5.2. If for any reason Sublessor does not deliver Possession to Sublessee on the commencement of
the Term, Sublessor shall not be subject to any liability for such failure, the Termination Date
shall not be extended by the delay, and the validity of this Sublease shall not be impaired, but
rent shall xxxxx until delivery of Possession. Notwithstanding the foregoing, if Sublessor has not
delivered Possession to Sublessee within thirty (30) days after the Commencement Date, then at any
time thereafter and before delivery of Possession, Sublessee may give written notice to Sublessor
of Sublessee’s intention to cancel the Sublease. Said notice shall set forth an effective date for
such cancellation which shall be at least ten (10) days after delivery of said notice to Sublessor.

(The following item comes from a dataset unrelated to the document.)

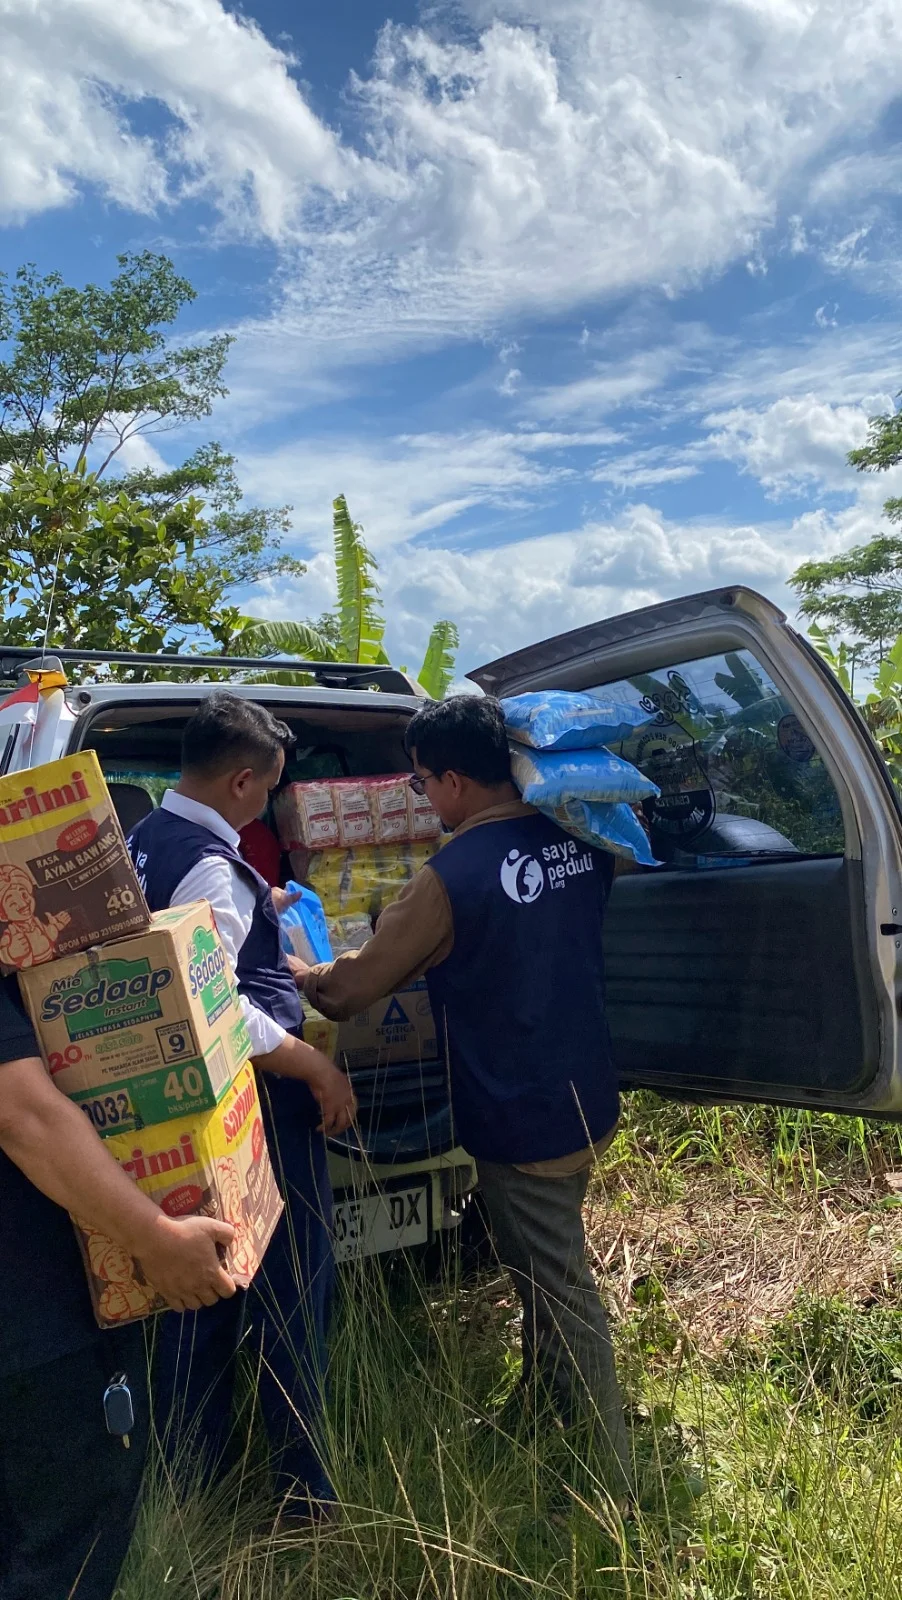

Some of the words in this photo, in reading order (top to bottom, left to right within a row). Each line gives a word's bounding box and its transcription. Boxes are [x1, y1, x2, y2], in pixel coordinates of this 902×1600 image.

If Sublessor delivers Possession to Sublessee on or before such effective date, this Sublease
shall remain in full force and effect. If Sublessor fails to deliver Possession to Sublessee on or
before such effective date, this Sublease shall be canceled, in which case all consideration
previously paid by Sublessee to Sublessor on account of this Sublease shall be returned to
Sublessee, this Sublease shall thereafter be of no further force or effect, and Sublessor shall
have no further liability to Sublessee on account of such delay or cancellation.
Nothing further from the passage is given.